More to the Story at Network News?
Posted in: UncategorizedBy G.B. Meyer
As the death knell sounds for the evening news, there may be a few culprits that have gone unmentioned. One of them is advertising.
Not in the way that ad rates have dropped for evening news shows, or viewers have skewed to older demographics, but simply, the ads that run during the evening news are unwatchable.
No less than 90% of the commercials that run during the three network broadcasts are for prescription drugs, with the vast majority targeting the 50+ audience. Since no one enjoys watching these commercials, nor hearing them, you have to change the channel to escape until the news comes back on. So inevitably you switch the channel to another network’s news and there’s a prescription drug ad. So you click away from that, a few channels farther, and end up clicking back three or four times just to get back to the news while trying to avoid the still-playing ad for once-a-day Spiriva.
It becomes tedious.
Beyond the notion of why prescription drugs ads were ever allowed on T.V., to have these dominate the nightly news broadcasts comes off as giving up on ever reaching younger audiences again. So the evening news is actually pushing younger people away, not to mention older ones as well, who’d rather not watch these commercials either.

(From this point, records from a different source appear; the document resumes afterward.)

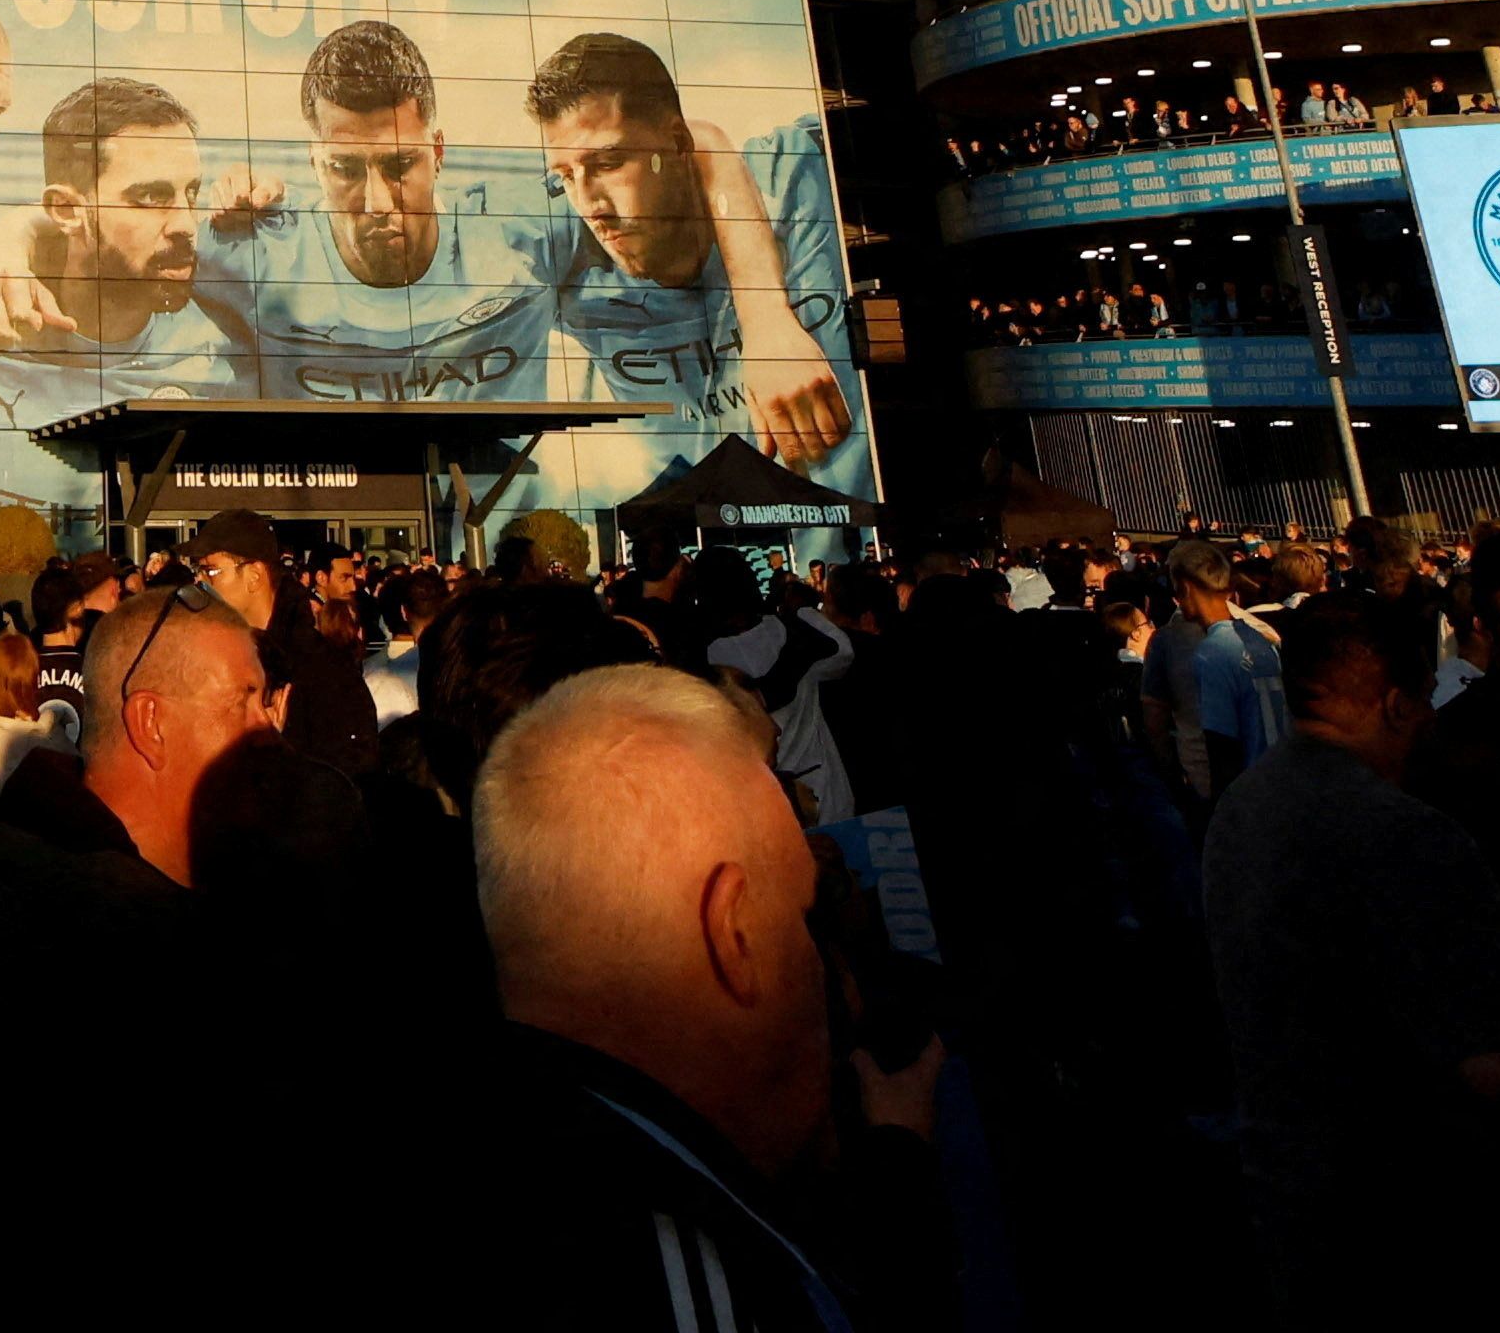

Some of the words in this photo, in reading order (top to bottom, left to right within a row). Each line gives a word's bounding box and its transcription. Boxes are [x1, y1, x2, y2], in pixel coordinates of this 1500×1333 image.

[1302, 143, 1337, 160] LYMM
[1331, 159, 1369, 176] METRO
[1303, 236, 1321, 278] WEST
[1312, 281, 1341, 364] RECEPTION
[294, 344, 519, 403] ETIHAD
[175, 462, 206, 488] THE
[209, 462, 259, 488] COLIN
[264, 462, 304, 488] BELL
[305, 462, 359, 488] STAND
[741, 503, 823, 525] MANCHESTER
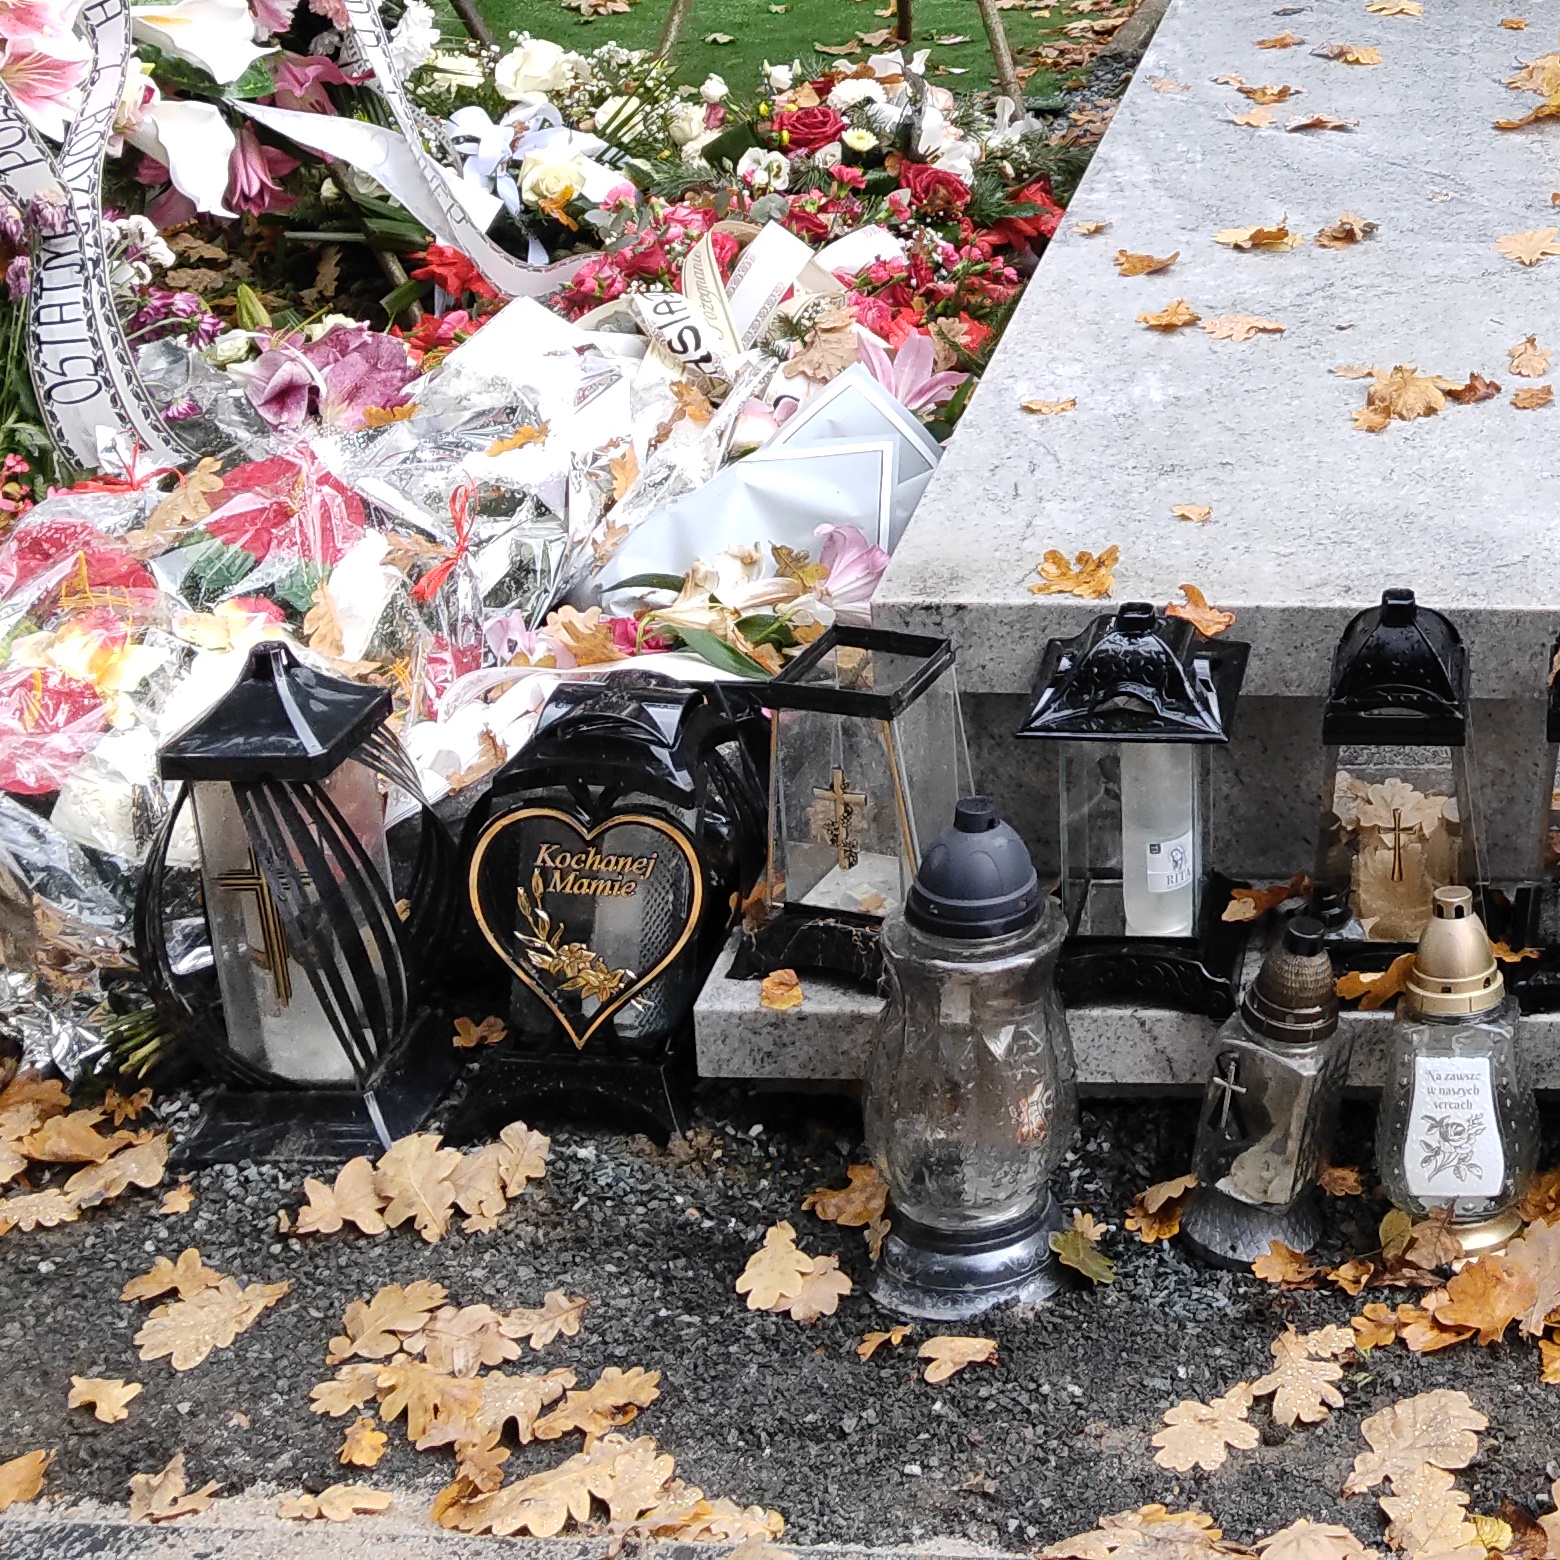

This is just one element that’s gone unmentioned. Another factor may be that
network news has tried to chase the casual, John Stewart-influenced world of broadcasting. When the fact is, whether you’re 16 or 55, you prefer your anchormen/women on national news broadcasts to be serious. But now, the anchors try to be our cool friends, with Brian Williams going on Saturday Night Live, Katie Couric taking an online poll to come up with a witty signoff, and Charles Gibson telling us at the end of each broadcast that he hopes we had a good day. Can you picture Peter Jennings doing that?
This is the kind of pandering that drives viewers away.
On the same front, NBC thought that their original lead-in voice, which announced Tom Brokaw for a couple decades, was too serious. So they toned it down by bringing in Michael Douglas.
In an era of heavy accusations of liberal bias in the news, NBC hired an actor from Hollywood, California to be their new lead-in voice.
These are the kind of ancillary decisions that just may be killing off the evening news. Competition from cable, the Internet, etc. are part of the story but they may be just that – part of it.
G.B. Meyer is a citizen, a copywriter and a consumer.